Section 3.2. The Depository shall send to the Depositor monthly (i) a
statement summarizing each receipt and each delivery of the Precious Metals held
by it for the Depositor during such period, and (ii) a detailed statement of the
Precious Metals held by the Depository pursuant to this Agreement during the
period covered by such statement certified by an officer of the Depository.
Unless the Depositor objects by written notice to the Depository which is
received by the Depository within 10 business days after such statement is sent
to the Depositor, such statement shall be conclusive and binding on the
Depositor. The books, accounts and records of the Depository pertaining to its
actions pursuant to this Agreement shall be kept open to inspection and audit
during reasonable business hours by Designated Persons.

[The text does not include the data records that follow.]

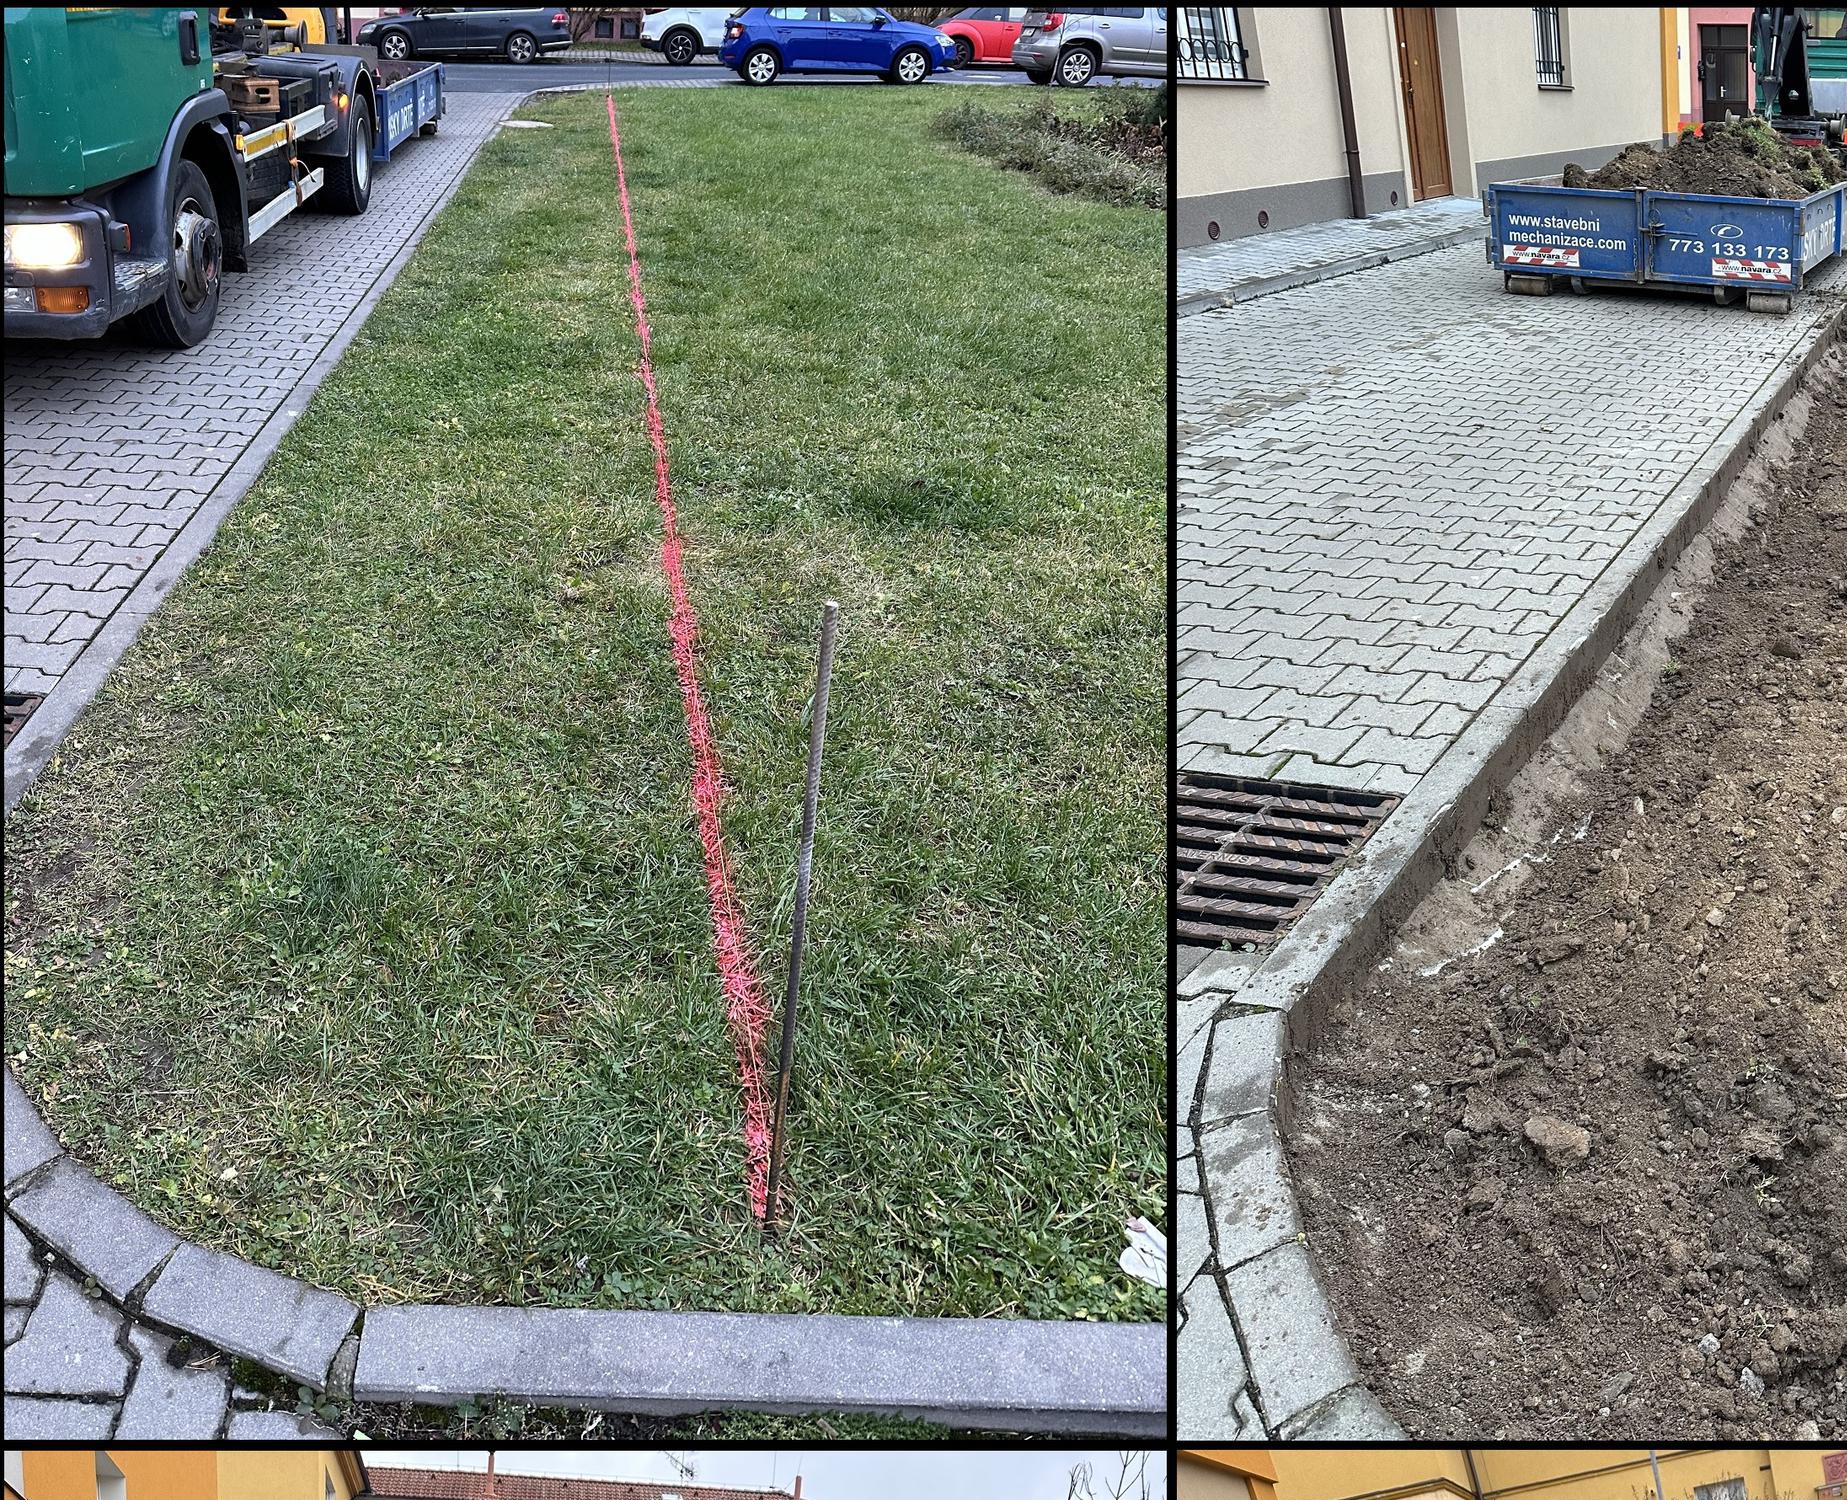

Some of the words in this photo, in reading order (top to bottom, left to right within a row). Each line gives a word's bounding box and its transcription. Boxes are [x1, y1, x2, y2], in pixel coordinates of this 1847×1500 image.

[1508, 214, 1600, 232] www.stavebni
[1509, 230, 1627, 251] mechanizace.com
[1669, 238, 1705, 254] 773
[1712, 242, 1747, 257] 133
[1754, 245, 1790, 260] 173
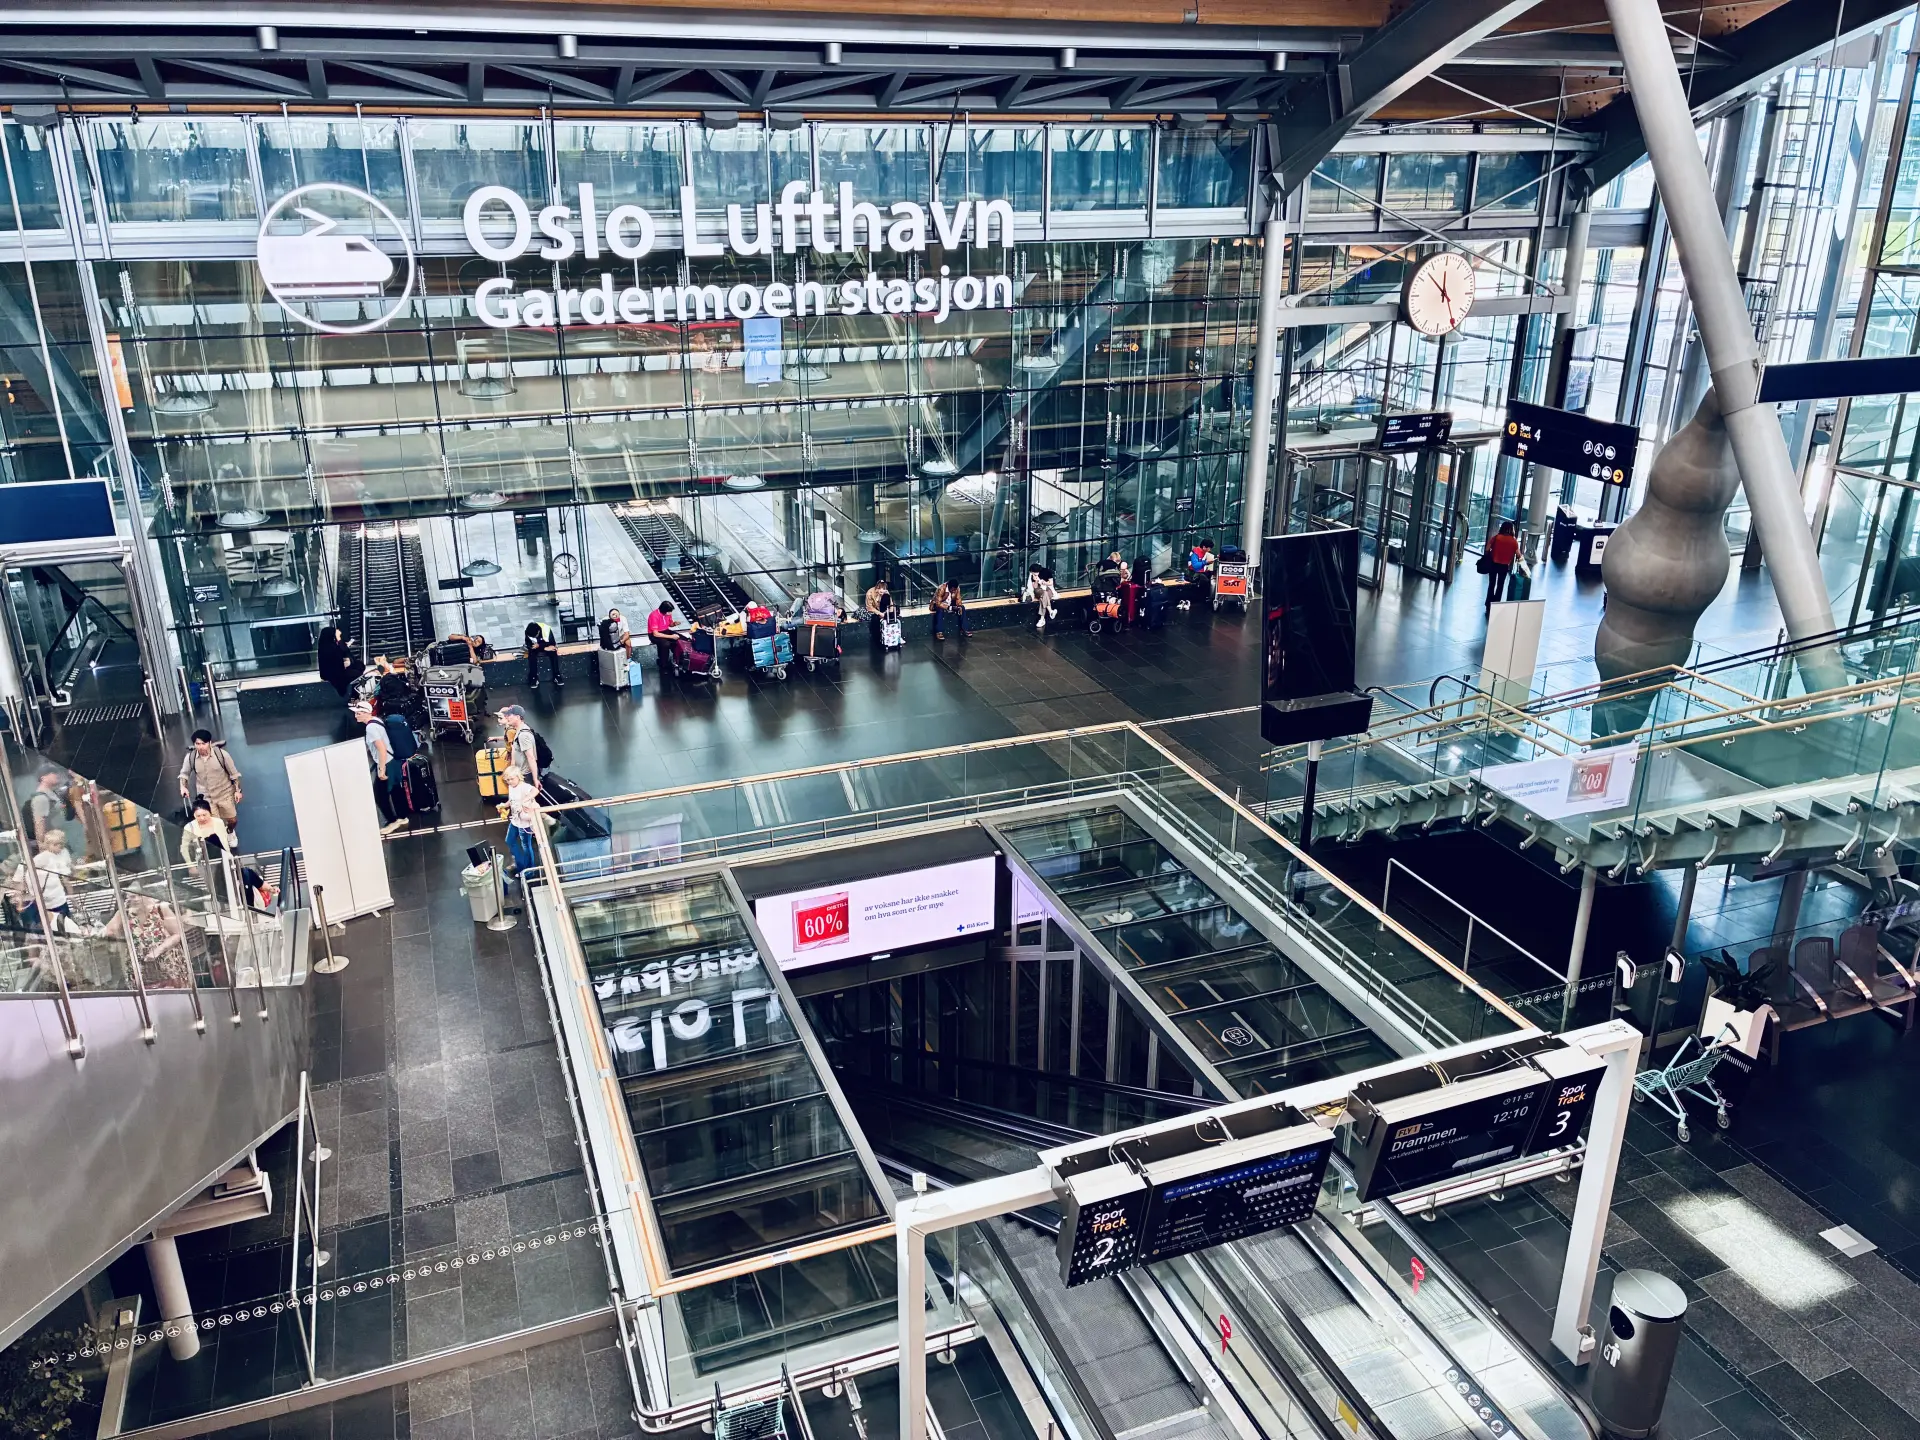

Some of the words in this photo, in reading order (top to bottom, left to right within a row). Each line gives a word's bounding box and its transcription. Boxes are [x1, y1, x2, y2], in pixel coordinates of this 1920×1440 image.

[464, 182, 655, 261] Oslo
[680, 180, 1014, 256] Lufthavn
[475, 273, 825, 328] Gardermoen
[840, 264, 1013, 324] stasjon
[1436, 428, 1444, 440] 4
[1520, 422, 1531, 432] Spor
[1534, 428, 1541, 442] 4
[826, 902, 848, 911] DISTILL
[874, 900, 900, 910] voksne
[914, 894, 930, 903] ikke
[931, 888, 959, 900] snakket
[878, 911, 891, 919] hva
[917, 904, 928, 912] for
[928, 901, 944, 910] mye
[804, 911, 842, 938] 60%
[1558, 1092, 1586, 1106] Track
[1560, 1084, 1587, 1098] Spor
[1493, 1106, 1529, 1124] 12:10
[1548, 1110, 1571, 1136] 3
[1392, 1128, 1456, 1152] Drammen
[1092, 1216, 1127, 1234] Track
[1093, 1208, 1125, 1224] Spor
[1092, 1238, 1114, 1266] 2
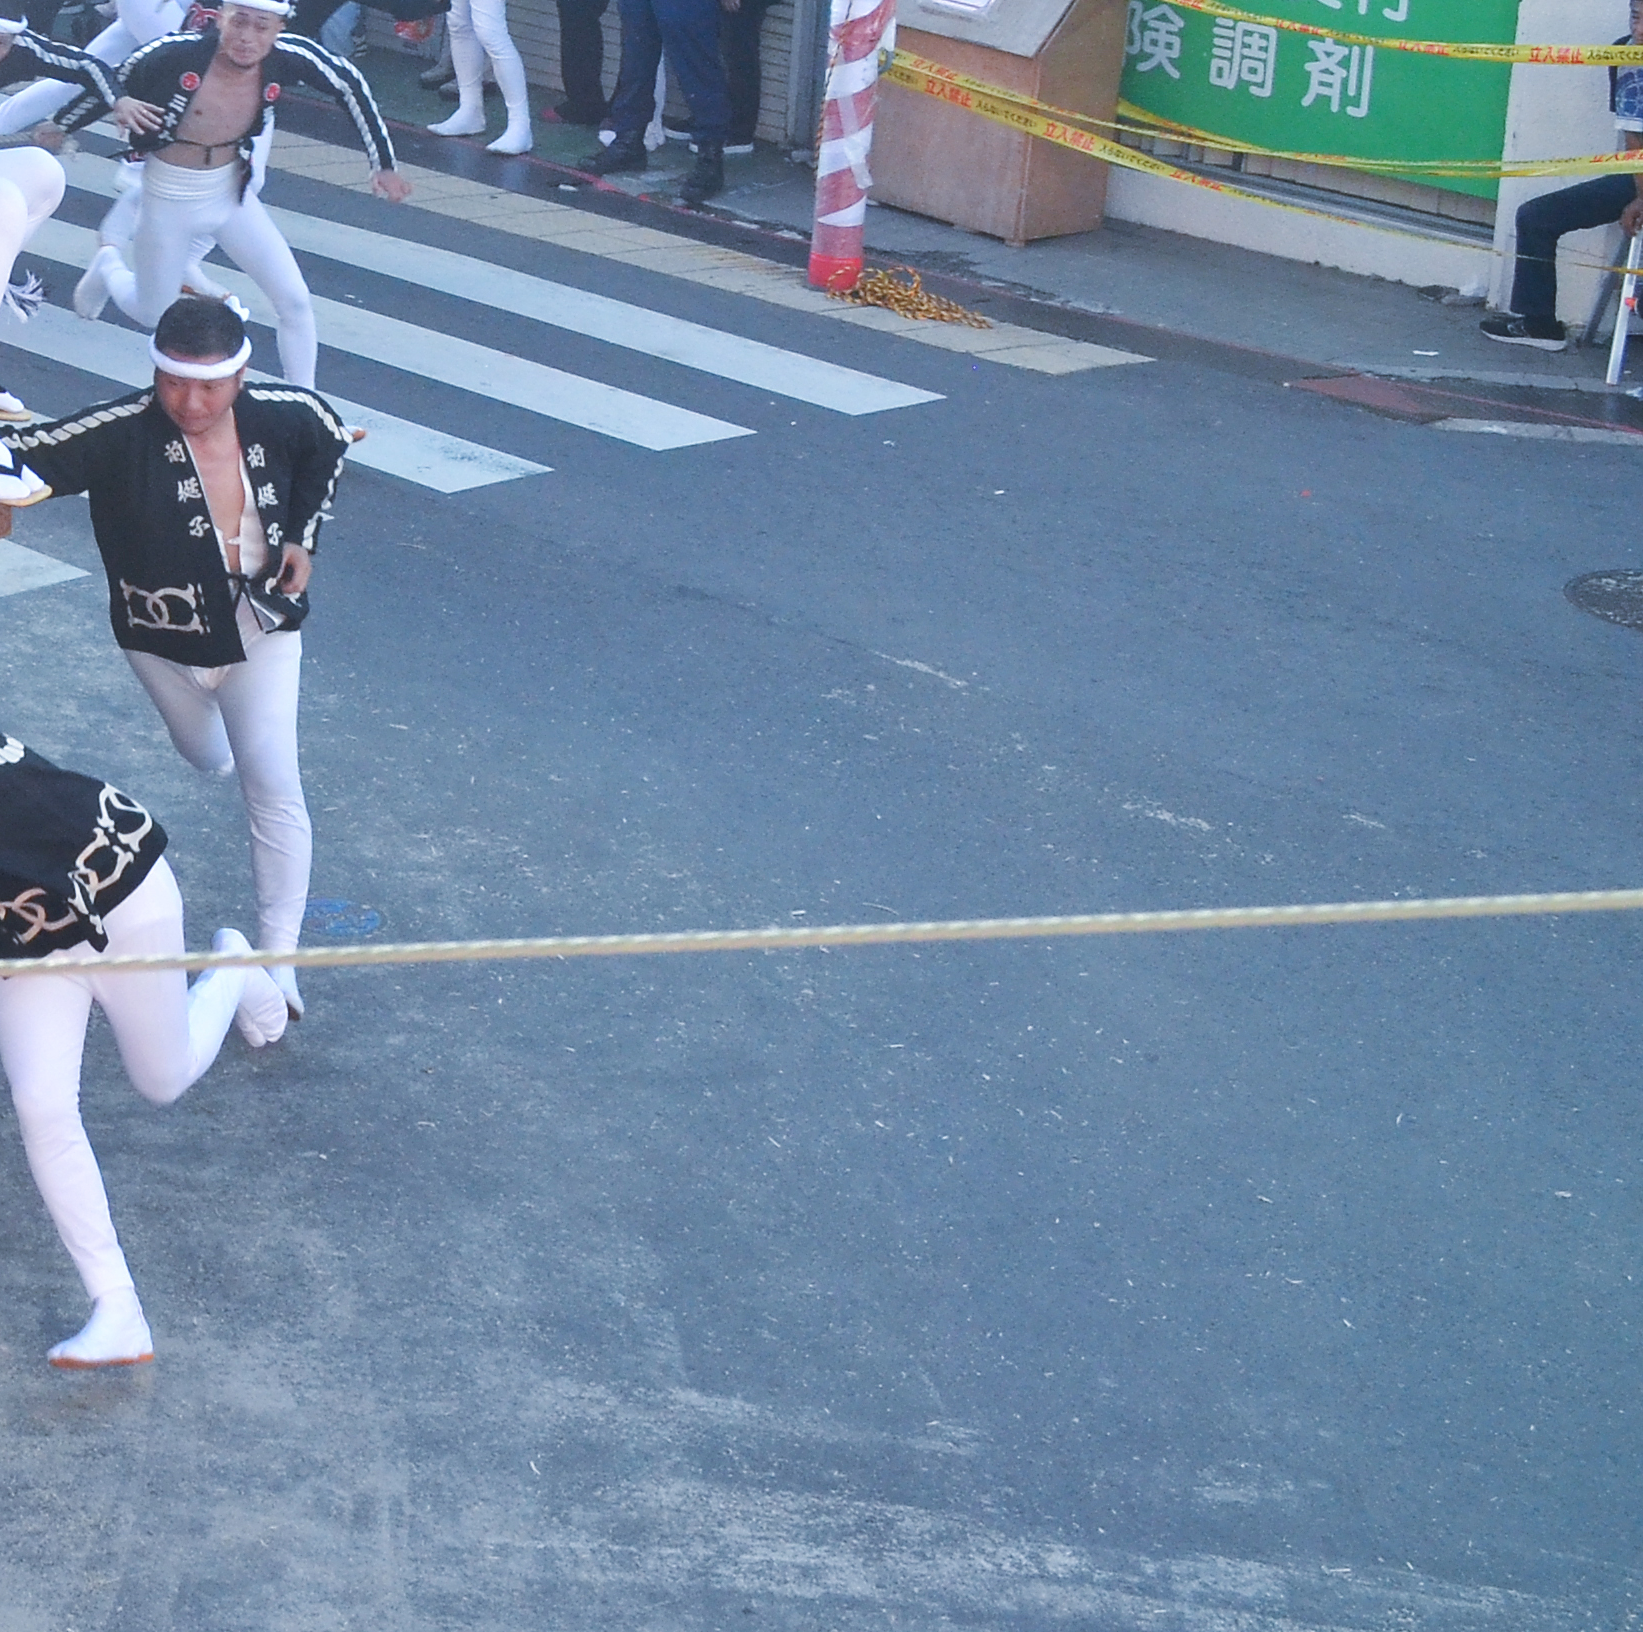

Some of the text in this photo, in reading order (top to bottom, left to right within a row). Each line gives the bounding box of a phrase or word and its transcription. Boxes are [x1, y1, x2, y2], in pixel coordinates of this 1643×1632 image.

[1528, 45, 1584, 64] 立入禁止
[924, 78, 973, 109] 立入禁止
[1042, 121, 1096, 152] 立入禁止

Section 3.3. The Depository shall, as warehouseman, acknowledge receipt
from the Depositor of the Precious Metals and may, at its option, record certain
specifications indicated on the Precious Metals Other than in connection with
the duties undertaken at the Depositor's request pursuant to section 3.6 hereof,
the Depository is not responsible for the authenticity of markings on or for the
weight, fineness or contents of any of the Precious Metals, packages or sealed
containers delivered to Depository by the Depositor.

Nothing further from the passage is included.